Dugaan pungutan tak resmi di PPDS Undip disebut mencapai puluhan juta rupiah – 'Itu bullying finansial'
Pengamat kesehatan menilai pungutan tak resmi yang dibebankan kepada mahasiswa Program Pendidikan Dokter Spesialis (PPDS) Anestesi…
Dalam kasus dokter Aulia Risma, mendiang disebutnya sebagai pengelola atau penanggung jawab angkatan yang mengumpulkan uang sebesar Rp30 juta per bulan dari teman seangkatannya.
"Dia [Aulia Risma] mengumpulkan uang Rp30 juta per bulan dari teman-temannya, bukan untuk seniornya, tapi untuk makan mereka sendiri," ujar Zinal usai aksi solidaritas FK Undip, Senin (02/09).

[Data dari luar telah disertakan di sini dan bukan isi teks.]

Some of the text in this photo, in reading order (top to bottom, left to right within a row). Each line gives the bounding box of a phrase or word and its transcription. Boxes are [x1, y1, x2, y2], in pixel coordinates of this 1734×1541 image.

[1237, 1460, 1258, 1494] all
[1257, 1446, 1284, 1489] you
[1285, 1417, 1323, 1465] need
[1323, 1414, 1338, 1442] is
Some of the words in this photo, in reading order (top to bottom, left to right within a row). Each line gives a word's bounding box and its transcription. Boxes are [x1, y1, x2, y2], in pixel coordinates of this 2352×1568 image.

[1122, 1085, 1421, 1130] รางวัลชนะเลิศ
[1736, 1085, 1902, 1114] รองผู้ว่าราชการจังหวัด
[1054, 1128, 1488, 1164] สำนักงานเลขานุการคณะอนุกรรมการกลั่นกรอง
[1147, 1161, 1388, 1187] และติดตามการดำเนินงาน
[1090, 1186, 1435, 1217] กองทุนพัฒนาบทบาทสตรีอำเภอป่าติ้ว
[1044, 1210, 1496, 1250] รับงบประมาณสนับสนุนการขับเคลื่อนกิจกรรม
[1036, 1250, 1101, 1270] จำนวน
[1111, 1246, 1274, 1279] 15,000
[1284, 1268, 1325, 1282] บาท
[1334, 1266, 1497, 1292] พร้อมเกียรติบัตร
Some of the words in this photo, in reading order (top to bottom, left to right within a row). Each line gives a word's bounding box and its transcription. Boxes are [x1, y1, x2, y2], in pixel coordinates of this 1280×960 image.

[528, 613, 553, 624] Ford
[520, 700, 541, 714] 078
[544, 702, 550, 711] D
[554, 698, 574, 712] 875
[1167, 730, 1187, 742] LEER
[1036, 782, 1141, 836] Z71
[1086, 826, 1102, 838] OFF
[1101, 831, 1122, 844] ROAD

Iuran seperti ini, sambungnya, menjadi kewajiban mahasiswa di semester awal. Mereka disebut wajib membayar iuran Rp3 juta per bulan di semester pertama.
Uang yang terkumpul lantas dipakai untuk membeli makanan bersama para tenaga kerja yang bertugas di program anestesi.
Kemudian di semester berikutnya mereka tidak diwajibkan lagi membayar iuran lantaran sudah ada mahasiswa baru.
"Penerimaan PPDS itu setiap semester, bukan setiap tahun. Jadi mereka yang semester 1 iuran ada 10 sampai 12 orang. Tiap bulan Rp3 juta untuk biaya makan 84 orang [mahasiswa PPDS anestesi di RSUP Kariadi]."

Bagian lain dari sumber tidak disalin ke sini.